• **TASK TO CARRY OUT**
Make an exact copy of the listing below. Pictures stay out of it.
■ ■ ■ ■
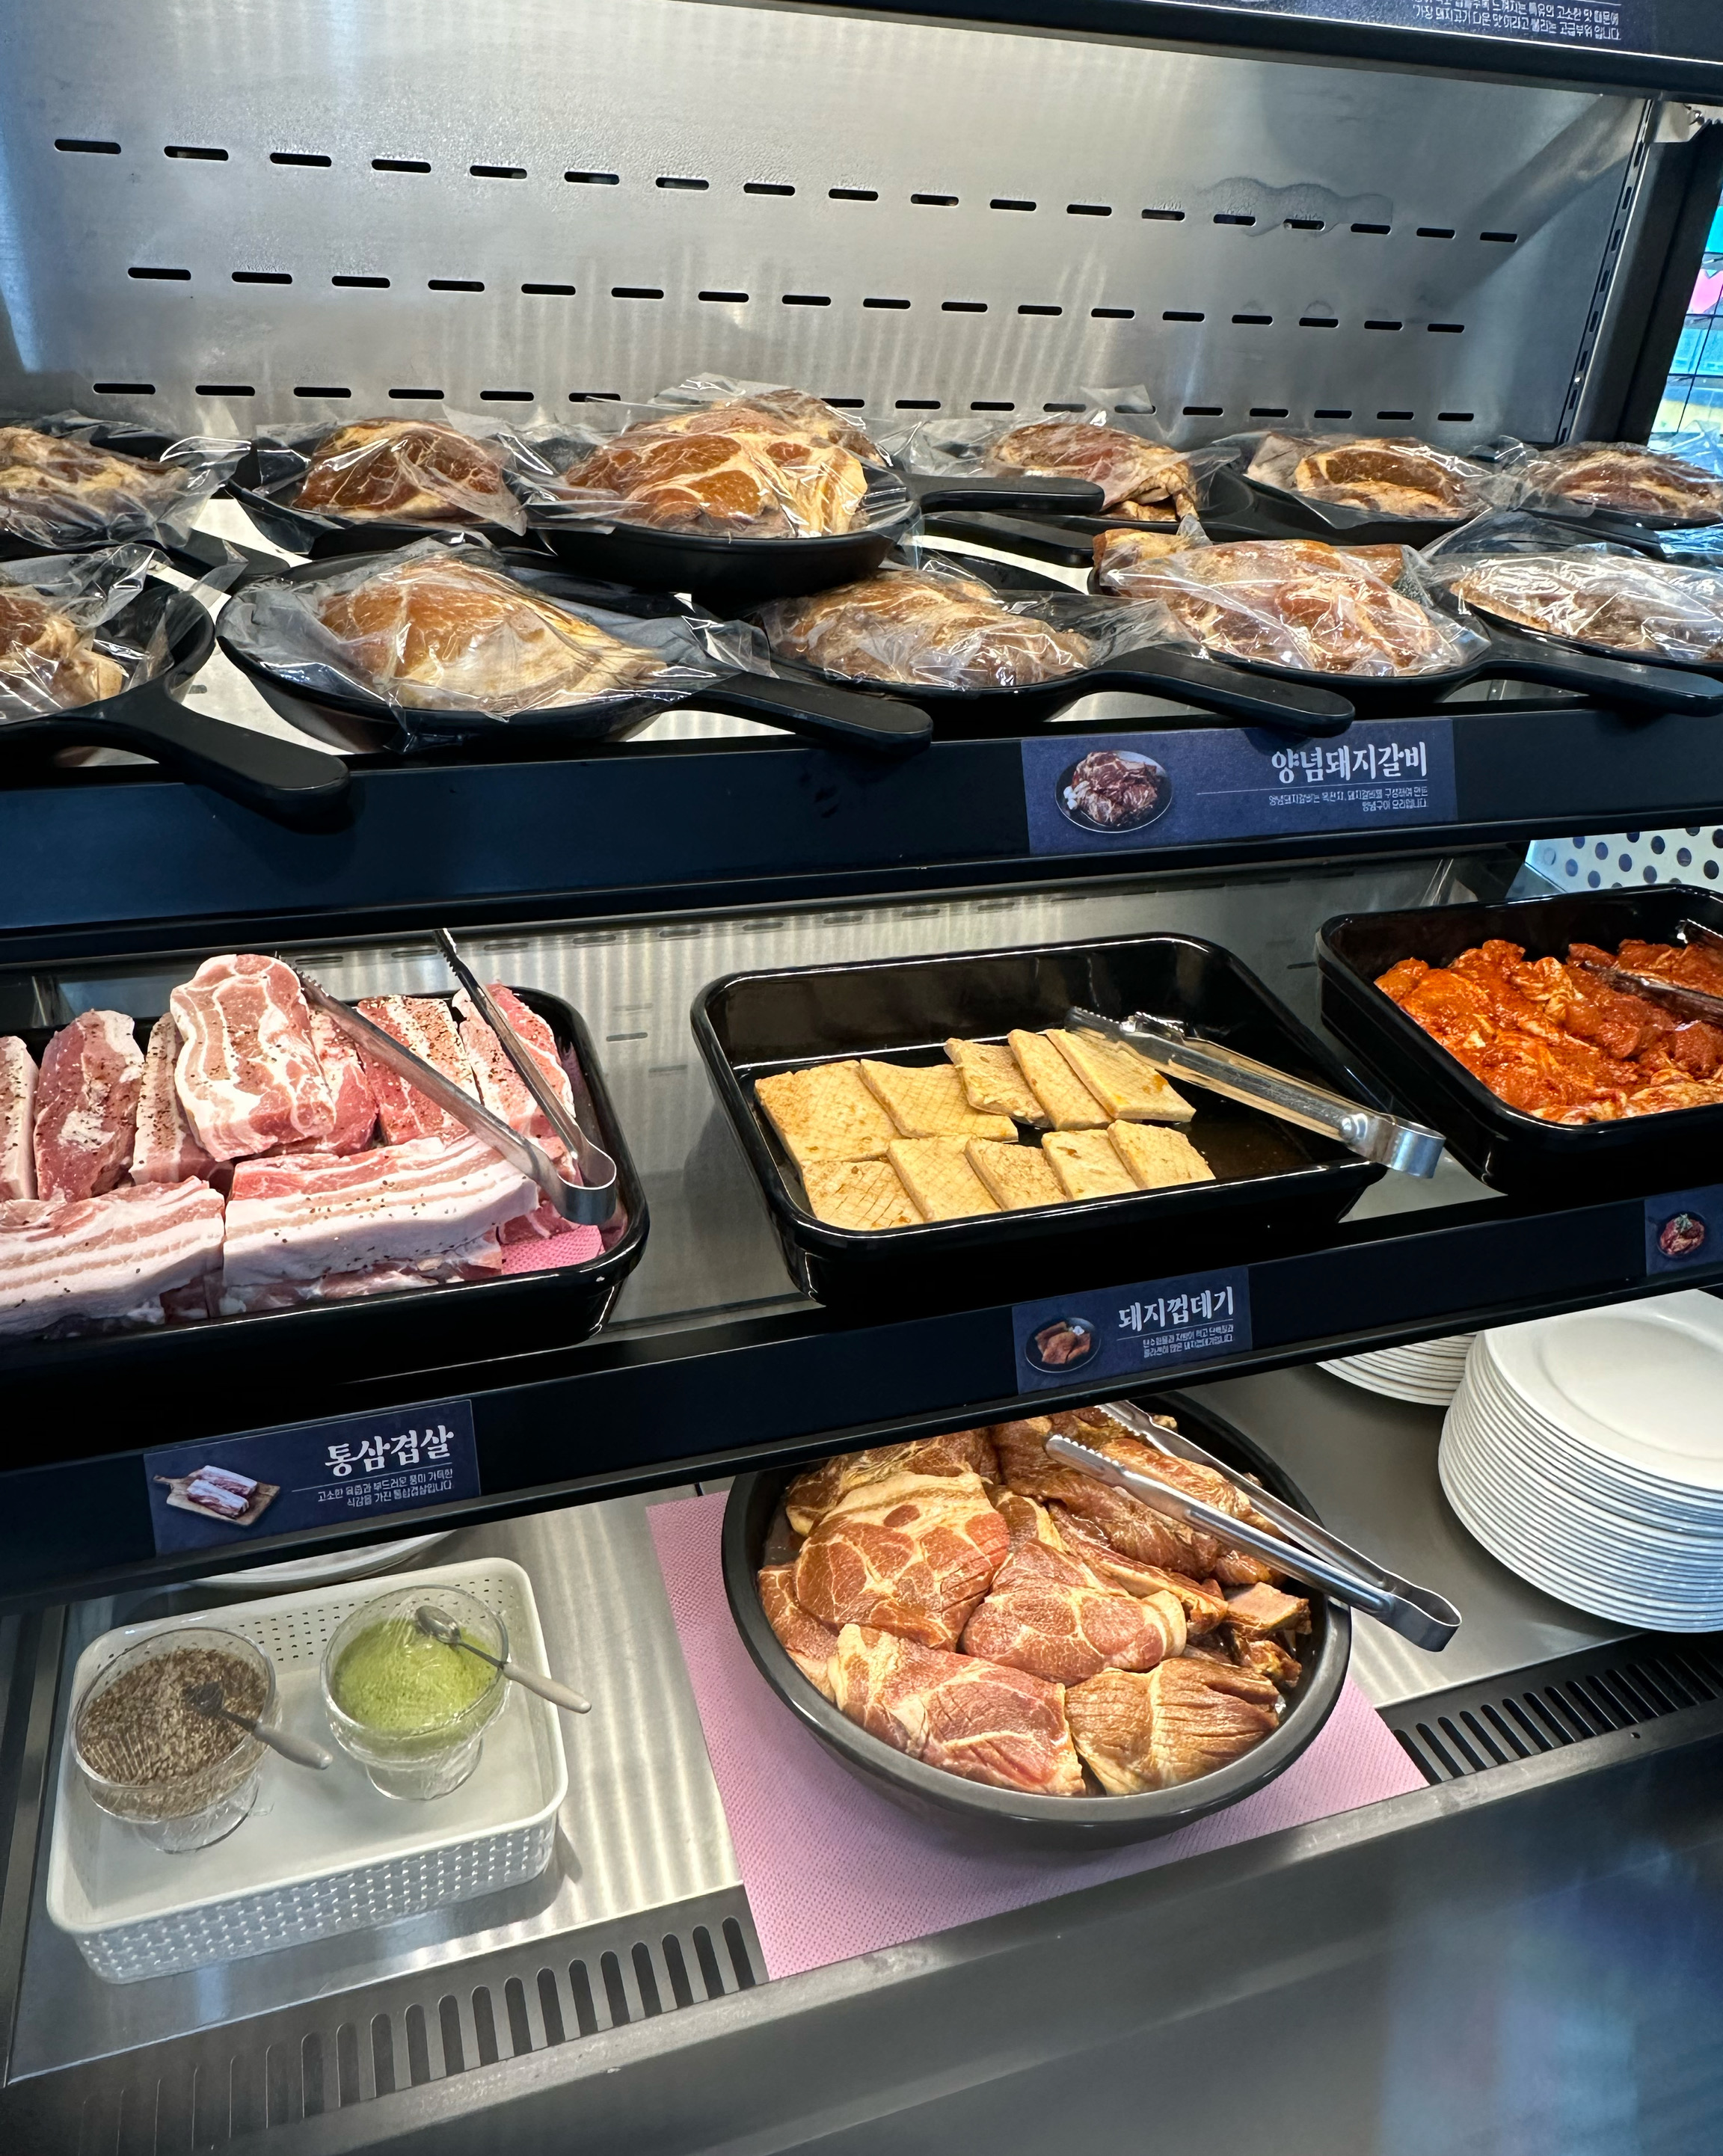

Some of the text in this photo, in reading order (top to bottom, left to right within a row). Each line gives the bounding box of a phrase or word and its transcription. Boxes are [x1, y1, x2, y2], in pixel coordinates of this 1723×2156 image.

[1413, 4, 1434, 19] 가장
[1436, 7, 1471, 24] 돼지고기
[1557, 6, 1582, 21] 고소한
[1583, 9, 1592, 22] 맛
[1594, 10, 1619, 25] 때문에
[1271, 741, 1427, 783] 양념돼지갈비
[1362, 800, 1390, 811] 양념구이
[1118, 1286, 1234, 1332] 돼지껍데기
[325, 1425, 455, 1477] 통삼겹살
[318, 1488, 343, 1502] 고소한
[373, 1476, 408, 1490] 부드러운
[409, 1473, 426, 1485] 풍미
[428, 1469, 452, 1481] 가득한
[347, 1494, 372, 1508] 식감을
[374, 1491, 392, 1502] 가진
■ ■ ■ ■
• **EXERCISE RESPONSE**
Some of the text in this photo, in reading order (top to bottom, left to right within a row). Each line gives the bounding box of a phrase or word and its transcription. Boxes are [x1, y1, x2, y2], in pixel coordinates of this 1723×2156 image.

[1413, 4, 1434, 19] 가장
[1436, 7, 1471, 24] 돼지고기
[1557, 6, 1582, 21] 고소한
[1583, 9, 1592, 22] 맛
[1594, 10, 1619, 25] 때문에
[1271, 741, 1427, 783] 양념돼지갈비
[1362, 800, 1390, 811] 양념구이
[1118, 1286, 1234, 1332] 돼지껍데기
[325, 1425, 455, 1477] 통삼겹살
[318, 1488, 343, 1502] 고소한
[373, 1476, 408, 1490] 부드러운
[409, 1473, 426, 1485] 풍미
[428, 1469, 452, 1481] 가득한
[347, 1494, 372, 1508] 식감을
[374, 1491, 392, 1502] 가진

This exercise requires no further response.